We hope for gifts and — more — the meaning behind them. We hope for the good times and comforts of family. We hope for peace and well-being. We hope for Jesus Christ to come to earth, to come into our lives; and if not the Lord of Christmas himself, then some sense of love and goodwill, selflessness and sharing. A light for the darkening world.
The season, so appropriately wedded to the New Year, is wrapped in the hopes of thresholds, redemptions and new beginnings.
So rich and strong is the lure of Christmas that even those of us young only at heart hope for a little magic this time of year. I never let go of such extravagant hope. I’m still waiting for Santa Claus.

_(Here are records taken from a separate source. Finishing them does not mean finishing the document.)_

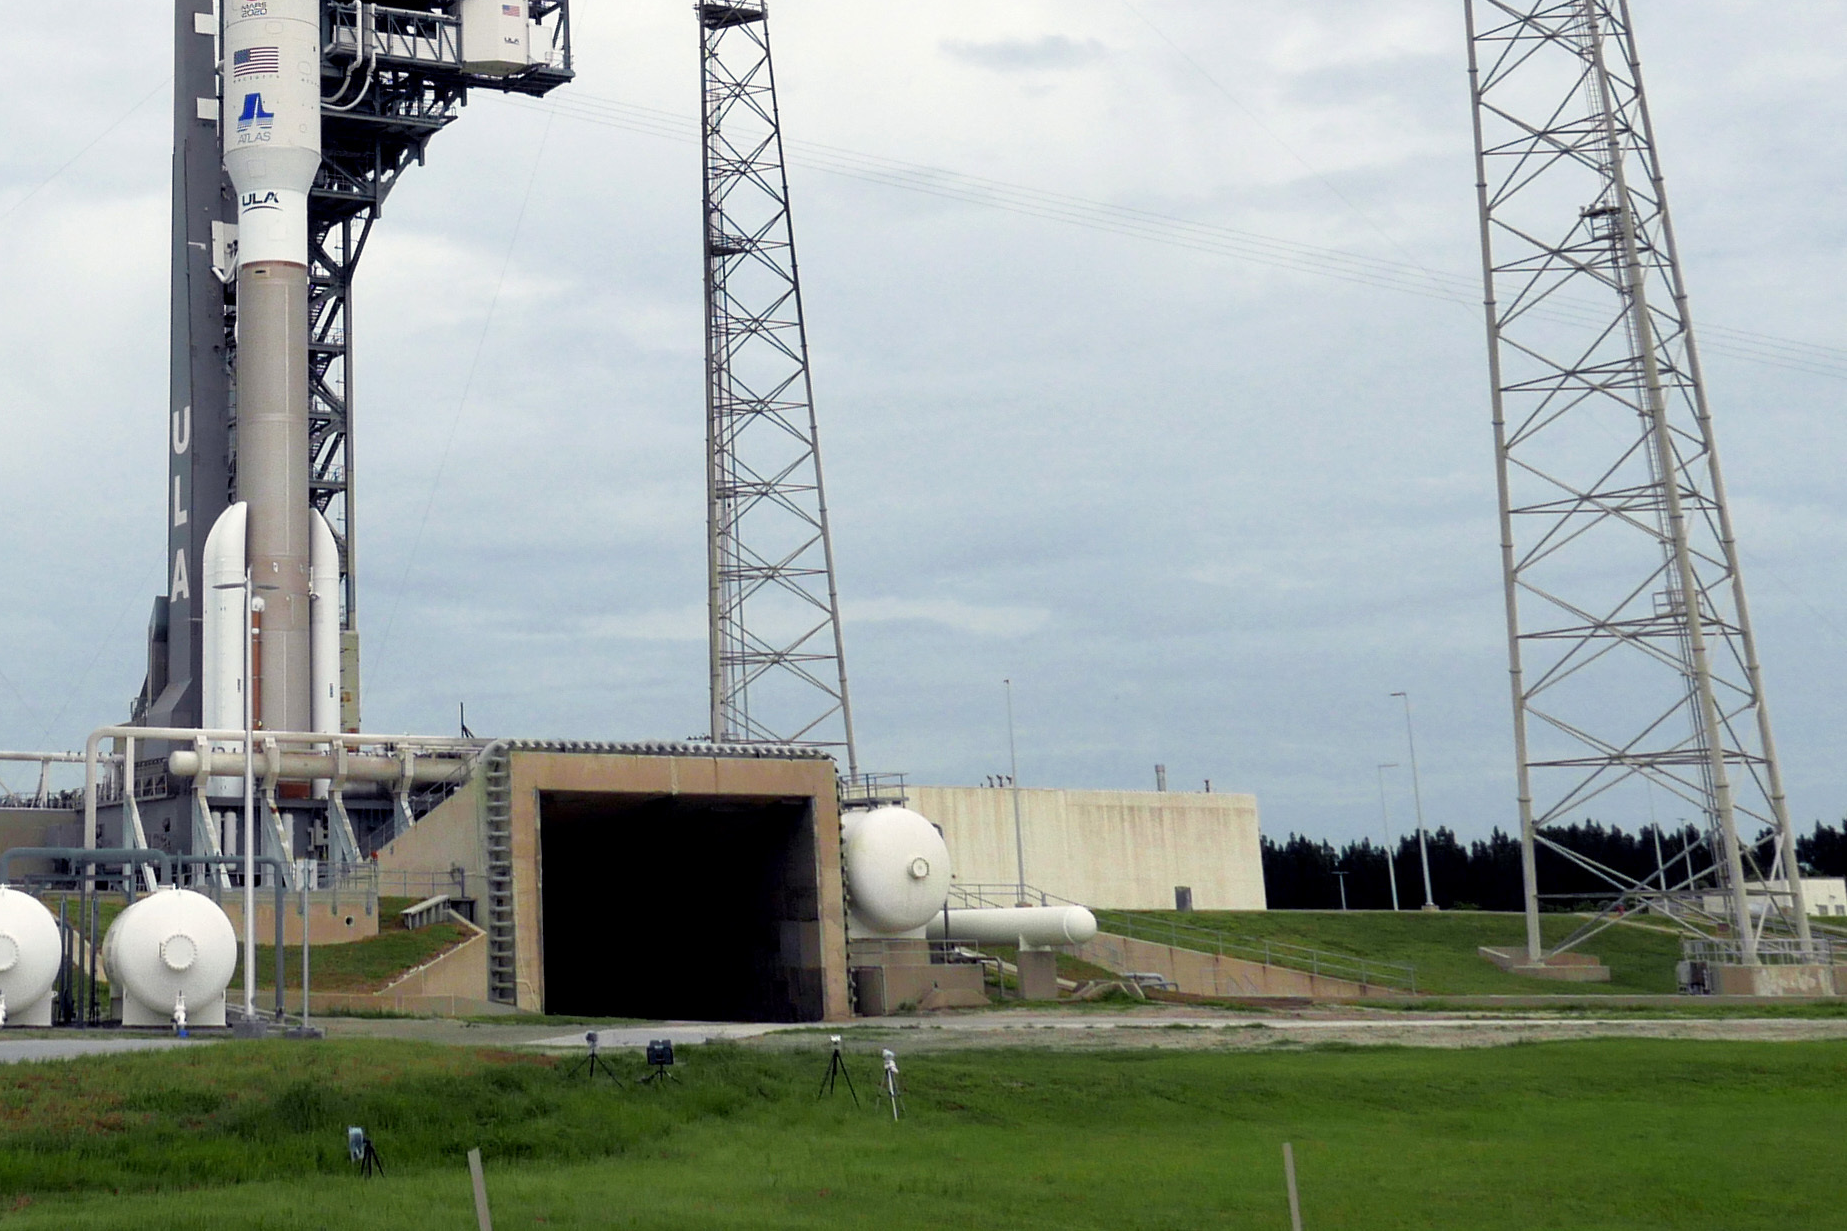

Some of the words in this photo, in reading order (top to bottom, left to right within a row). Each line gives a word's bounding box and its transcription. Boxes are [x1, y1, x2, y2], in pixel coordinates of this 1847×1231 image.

[242, 9, 267, 18] 2020
[238, 131, 271, 145] ATLAS
[242, 191, 279, 206] ULA
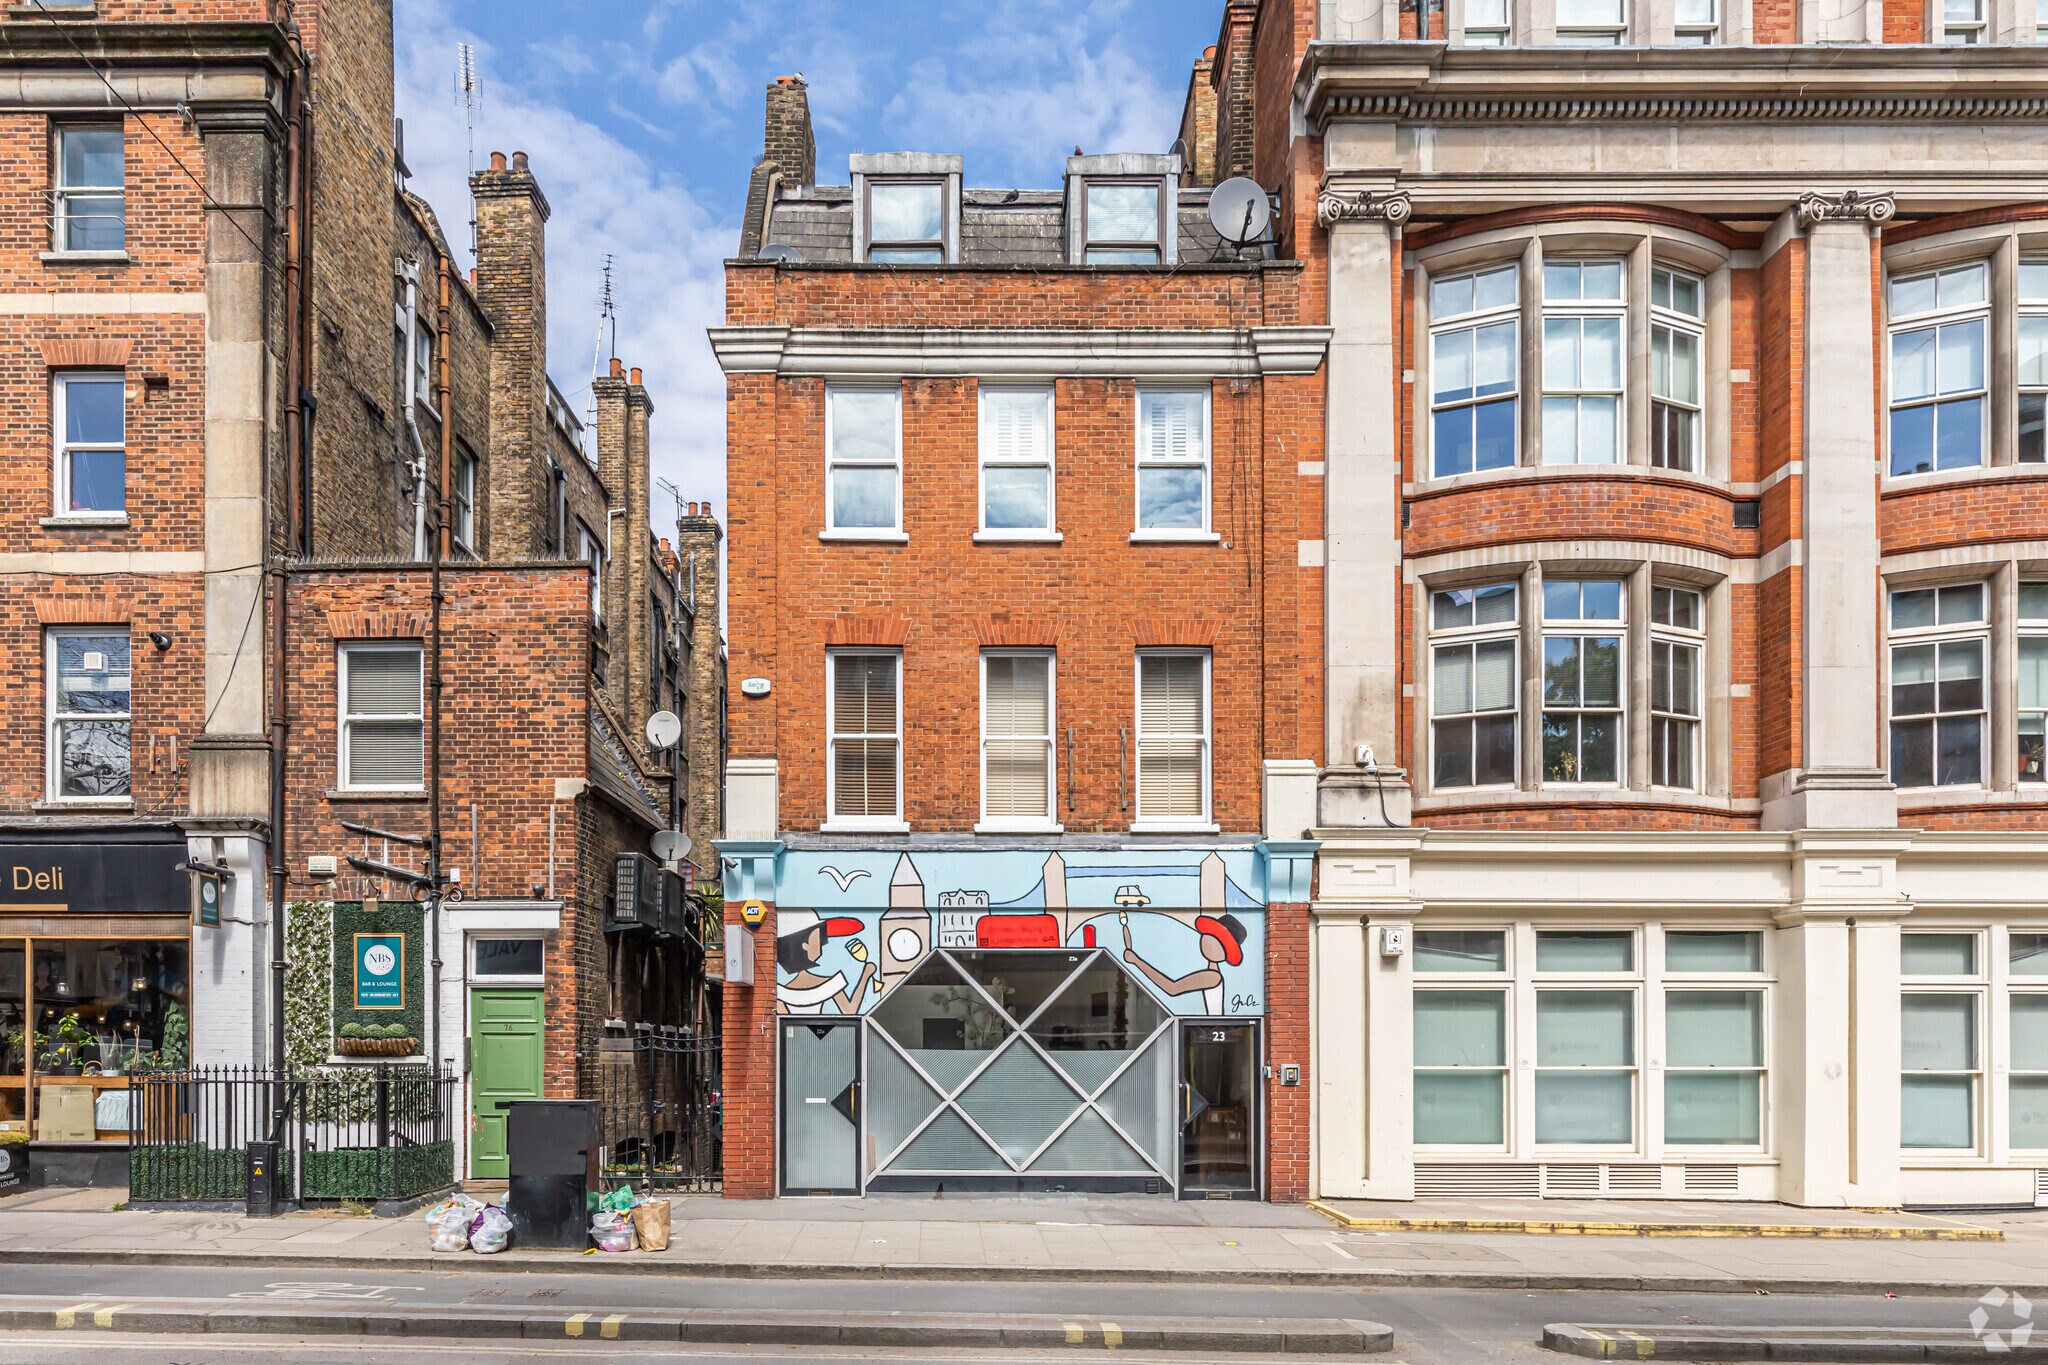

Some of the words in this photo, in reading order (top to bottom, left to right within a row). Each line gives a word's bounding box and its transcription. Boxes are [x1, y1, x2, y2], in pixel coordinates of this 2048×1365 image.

[13, 866, 63, 890] Deli
[747, 906, 759, 915] ADT
[369, 953, 392, 963] NBS
[1212, 1031, 1225, 1041] 23

I pause as I look at the mailbox and think of pulling the letters out. What will the mailman do with them? What would I do with them?
I couldn’t hide them away for fear they might be found. I couldn’t throw them away; it wouldn’t be mere letters getting trashed. I’d be discarding earnest, faithful dreams, however little, however futile. And if stashed at the office, their discovery years later would only bring that sweet, melting heartache parents are sentenced to feel because they love so much.
Sometimes you have to just stand back and let the prayers go drifting into space.
And sometimes — instead of hoping for magic, waiting for Santa or praying for love — your children’s letters going nowhere remind you that your generosity is the Christmas spirit somebody else’s list is calling for.
So here’s to us and all missing members, to those who so painfully miss the missing and to those whose Christmas spirit helps fulfill the hopes we’re all waiting for, praying for.
I wish I had a fun, final twist to these Christmas ruminations — a storybook ending in which the children’s letters brought an unexpected visit from some mysterious stranger. It hasn’t happened yet. If it does, I’ll let you know.
Meanwhile, there’ll be a plate of cookies and some milk by the fireplace and an empty chair at the table just in case there’s a knock at the door.